▼
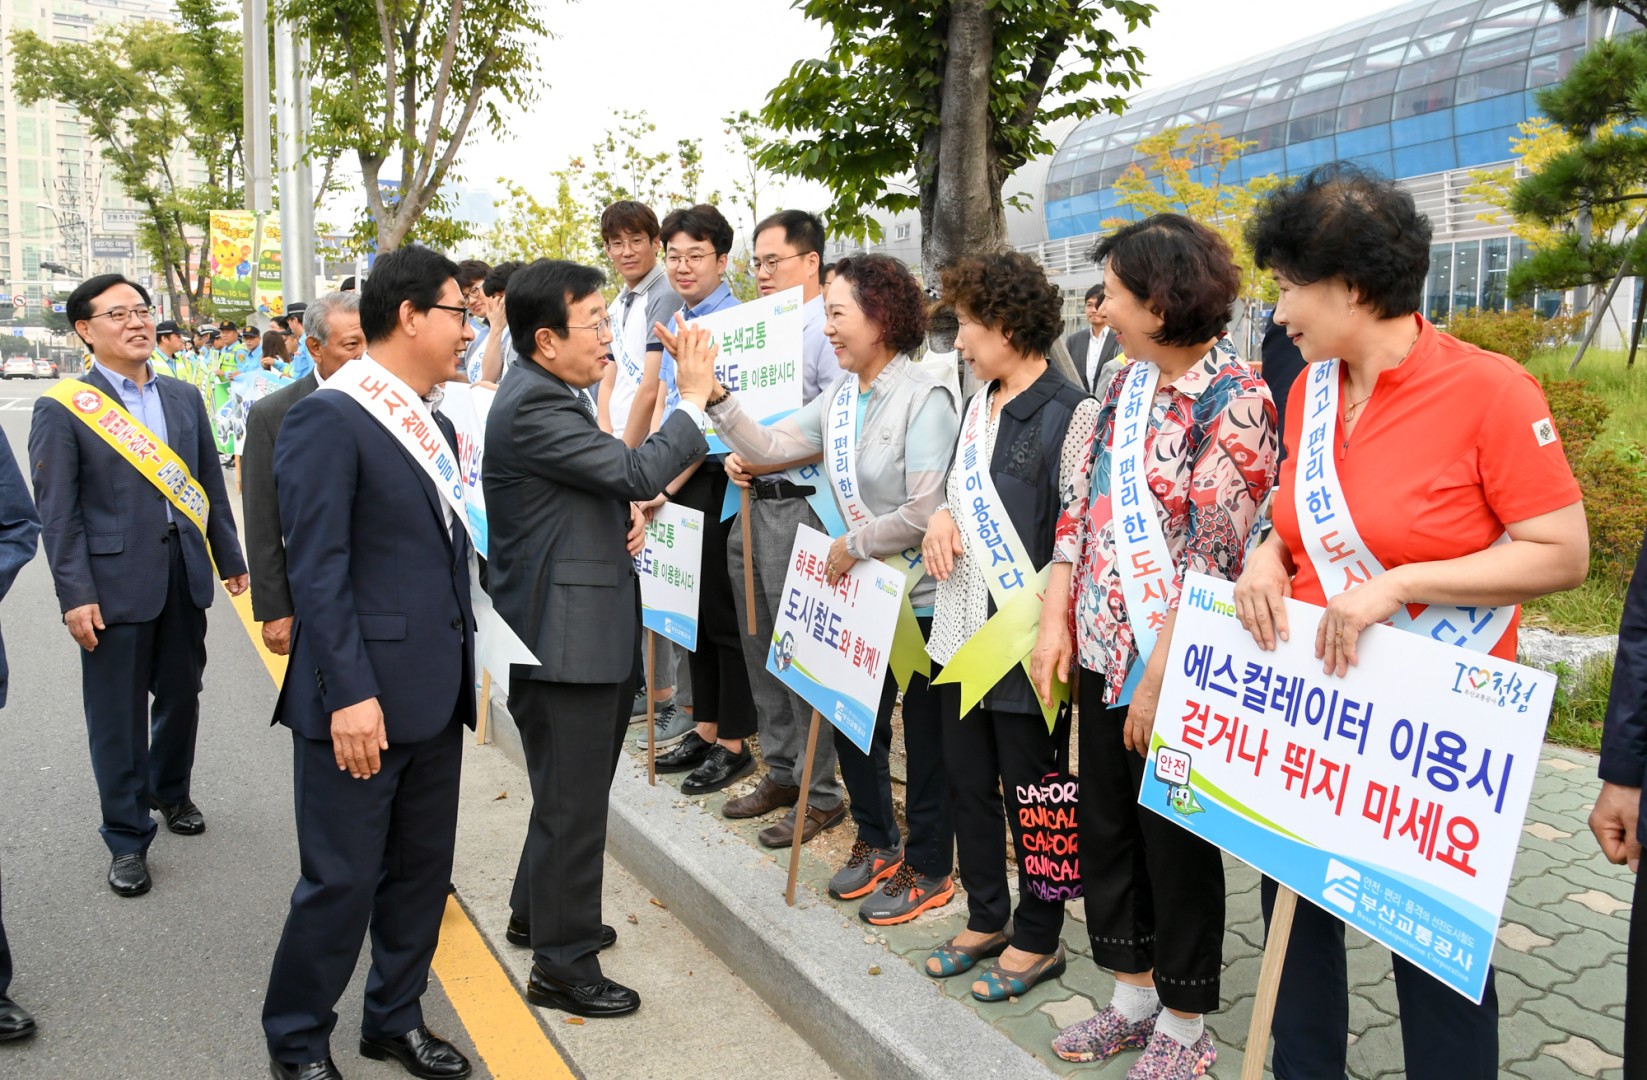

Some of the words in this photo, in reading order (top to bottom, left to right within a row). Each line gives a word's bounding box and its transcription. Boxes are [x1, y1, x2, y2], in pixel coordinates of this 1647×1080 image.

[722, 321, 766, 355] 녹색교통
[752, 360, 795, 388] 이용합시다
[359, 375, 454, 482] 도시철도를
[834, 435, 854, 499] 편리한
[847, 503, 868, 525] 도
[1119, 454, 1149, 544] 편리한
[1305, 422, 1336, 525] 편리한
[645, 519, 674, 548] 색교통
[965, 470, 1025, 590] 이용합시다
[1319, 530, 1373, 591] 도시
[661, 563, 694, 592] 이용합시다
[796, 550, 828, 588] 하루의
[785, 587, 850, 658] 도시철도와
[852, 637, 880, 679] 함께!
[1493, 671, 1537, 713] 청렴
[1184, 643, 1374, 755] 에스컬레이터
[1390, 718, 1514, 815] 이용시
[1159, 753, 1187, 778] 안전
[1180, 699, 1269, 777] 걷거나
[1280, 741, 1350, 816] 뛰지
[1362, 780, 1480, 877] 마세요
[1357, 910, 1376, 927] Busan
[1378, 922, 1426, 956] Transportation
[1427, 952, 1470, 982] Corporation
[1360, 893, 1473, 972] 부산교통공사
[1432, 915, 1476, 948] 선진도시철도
▲
WHAT THE TASK ASKS ▸ Your answer must be an exact copy of the records above, with no pictures included.

TASK SOLUTION ▸
Some of the words in this photo, in reading order (top to bottom, left to right within a row). Each line gives a word's bounding box and its transcription. Boxes are [x1, y1, x2, y2], in pixel coordinates of this 1647×1080 image.

[722, 321, 766, 355] 녹색교통
[752, 360, 795, 388] 이용합시다
[359, 375, 454, 482] 도시철도를
[834, 435, 854, 499] 편리한
[847, 503, 868, 525] 도
[1119, 454, 1149, 544] 편리한
[1305, 422, 1336, 525] 편리한
[645, 519, 674, 548] 색교통
[965, 470, 1025, 590] 이용합시다
[1319, 530, 1373, 591] 도시
[661, 563, 694, 592] 이용합시다
[796, 550, 828, 588] 하루의
[785, 587, 850, 658] 도시철도와
[852, 637, 880, 679] 함께!
[1493, 671, 1537, 713] 청렴
[1184, 643, 1374, 755] 에스컬레이터
[1390, 718, 1514, 815] 이용시
[1159, 753, 1187, 778] 안전
[1180, 699, 1269, 777] 걷거나
[1280, 741, 1350, 816] 뛰지
[1362, 780, 1480, 877] 마세요
[1357, 910, 1376, 927] Busan
[1378, 922, 1426, 956] Transportation
[1427, 952, 1470, 982] Corporation
[1360, 893, 1473, 972] 부산교통공사
[1432, 915, 1476, 948] 선진도시철도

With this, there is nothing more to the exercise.